19日、同行取材で訪れた昭和基地から約5キロ離れた小島、オングルカルベンではアデリーペンギンが子育てを行っていた。同じく繁殖期を迎えているナンキョクオオトウゾクカモメがひなを襲う場面も見られ、ひなを守る成鳥との激しい攻防が繰り広げられている。
アデリーペンギンは南極沿岸の露岩域で繁殖し、昭和基地付近では、同地やまめ島など複数の営巣地がある。小石を集めて巣を作り、南極が夏場の間に卵を産み育てる。
(7)頭を隠して丸まるアデリーペンギンのひな 卵からかえったひなは灰色の羽毛で覆われている。ひな同士で集団を作り、成鳥が寄り添うように取り囲んでいた。周りには天敵によって食べられたひなの残がいや途中で死んでしまったひなが数多くあった。分解が進まない南極では腐らないまま乾燥し、長い年月をかけ風化して自然の循環に戻る。

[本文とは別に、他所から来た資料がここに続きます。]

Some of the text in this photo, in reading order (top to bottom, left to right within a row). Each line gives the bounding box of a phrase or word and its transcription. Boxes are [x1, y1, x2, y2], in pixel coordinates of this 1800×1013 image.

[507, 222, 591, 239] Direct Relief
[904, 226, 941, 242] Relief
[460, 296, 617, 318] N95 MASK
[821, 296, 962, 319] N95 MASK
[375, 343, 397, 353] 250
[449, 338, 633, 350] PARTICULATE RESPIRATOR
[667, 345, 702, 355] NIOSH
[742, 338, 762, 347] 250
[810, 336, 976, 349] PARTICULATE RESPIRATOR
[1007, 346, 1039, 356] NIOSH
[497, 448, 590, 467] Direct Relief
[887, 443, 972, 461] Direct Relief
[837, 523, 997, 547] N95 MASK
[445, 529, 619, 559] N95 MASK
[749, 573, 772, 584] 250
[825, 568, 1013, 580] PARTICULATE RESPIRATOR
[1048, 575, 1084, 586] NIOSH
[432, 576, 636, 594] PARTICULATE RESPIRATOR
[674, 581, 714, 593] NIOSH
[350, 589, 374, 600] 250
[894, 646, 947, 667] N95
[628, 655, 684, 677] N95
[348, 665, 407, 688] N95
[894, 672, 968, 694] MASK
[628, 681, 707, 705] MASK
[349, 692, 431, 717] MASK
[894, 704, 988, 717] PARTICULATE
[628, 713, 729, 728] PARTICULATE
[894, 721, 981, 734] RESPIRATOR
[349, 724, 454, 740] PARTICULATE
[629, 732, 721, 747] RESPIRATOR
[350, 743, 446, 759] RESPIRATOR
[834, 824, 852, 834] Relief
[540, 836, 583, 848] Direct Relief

ナンキョクオオトウゾクカモメが上空を回り、隙を狙ってヒナを襲う。成鳥はくちばしで激しく突き、追い払う光景が何度も見られた。
(5)ペンギンの繁殖地の近くの岩場に隠れるナンキョクオオトウゾクカモメのひな すぐそばの岩陰にはナンキョクオオトウゾクカモメのひな1羽が身をひそめて親鳥の帰りを待っていた。
自然の優しさと厳しさ同時に感じさせる光景が広がっていた。